(Beginning of Task inputs)

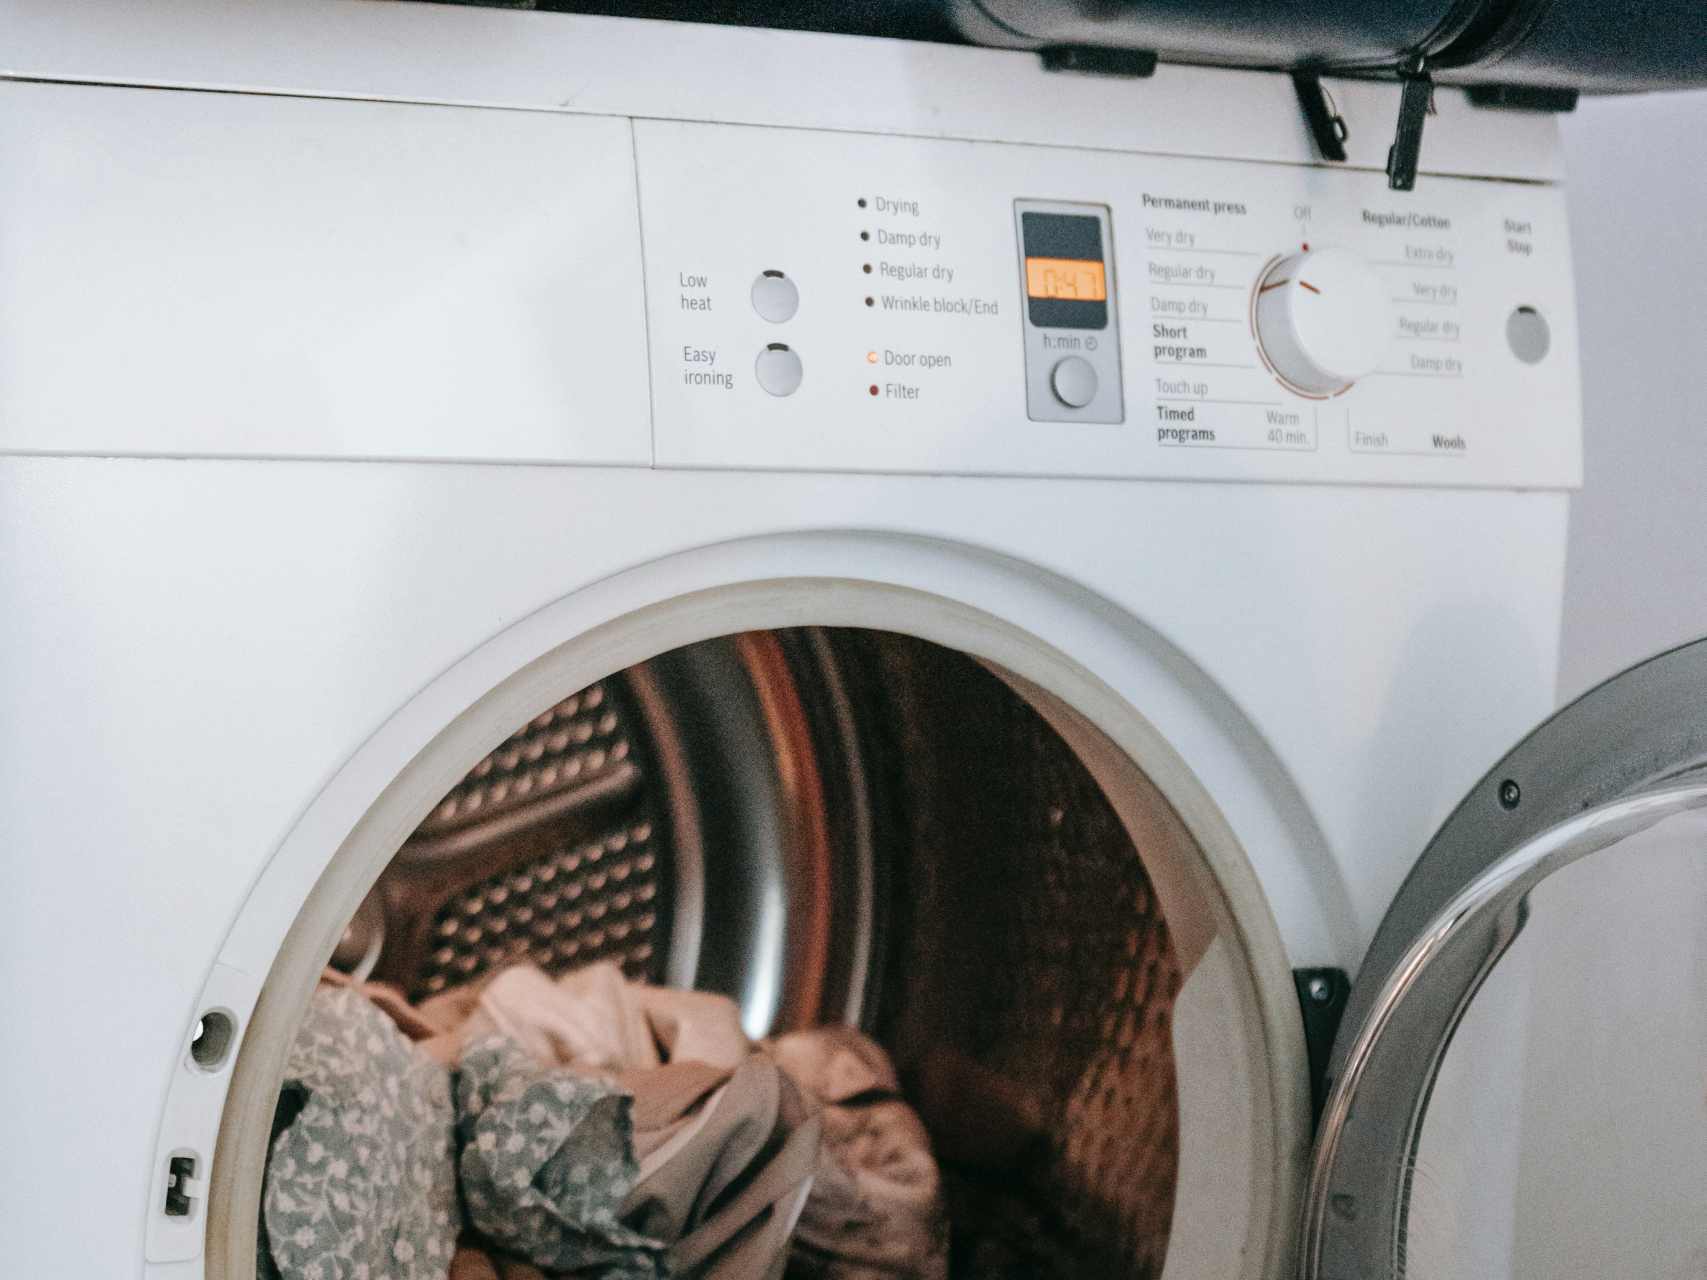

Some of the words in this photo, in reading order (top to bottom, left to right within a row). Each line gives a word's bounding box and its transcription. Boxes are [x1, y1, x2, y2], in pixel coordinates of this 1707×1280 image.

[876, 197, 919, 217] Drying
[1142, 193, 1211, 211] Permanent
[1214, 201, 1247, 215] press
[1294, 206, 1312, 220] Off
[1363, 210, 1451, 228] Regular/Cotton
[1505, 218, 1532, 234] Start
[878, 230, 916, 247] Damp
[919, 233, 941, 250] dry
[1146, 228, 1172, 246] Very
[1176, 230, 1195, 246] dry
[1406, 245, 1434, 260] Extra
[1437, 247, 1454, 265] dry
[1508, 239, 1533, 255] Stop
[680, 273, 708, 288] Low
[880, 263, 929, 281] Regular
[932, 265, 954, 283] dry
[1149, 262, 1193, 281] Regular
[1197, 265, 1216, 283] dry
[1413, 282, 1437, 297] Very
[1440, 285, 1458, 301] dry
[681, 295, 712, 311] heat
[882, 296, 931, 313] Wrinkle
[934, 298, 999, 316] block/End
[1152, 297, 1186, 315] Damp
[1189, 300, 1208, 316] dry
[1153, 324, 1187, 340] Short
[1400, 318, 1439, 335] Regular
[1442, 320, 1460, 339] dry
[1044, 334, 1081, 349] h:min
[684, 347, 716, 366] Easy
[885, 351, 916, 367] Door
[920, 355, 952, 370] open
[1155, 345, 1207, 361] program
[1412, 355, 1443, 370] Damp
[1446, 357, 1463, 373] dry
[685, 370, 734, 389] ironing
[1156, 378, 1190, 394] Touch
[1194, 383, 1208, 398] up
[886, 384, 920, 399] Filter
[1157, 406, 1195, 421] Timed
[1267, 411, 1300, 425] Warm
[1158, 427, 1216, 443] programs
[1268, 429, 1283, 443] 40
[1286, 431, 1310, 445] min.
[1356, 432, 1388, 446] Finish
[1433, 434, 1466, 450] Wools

(End of Task inputs)

## Task
Wherever the word "Regular" appears in the records above, copy that line.

## Result
[1363, 210, 1451, 228] Regular/Cotton
[880, 263, 929, 281] Regular
[1149, 262, 1193, 281] Regular
[1400, 318, 1439, 335] Regular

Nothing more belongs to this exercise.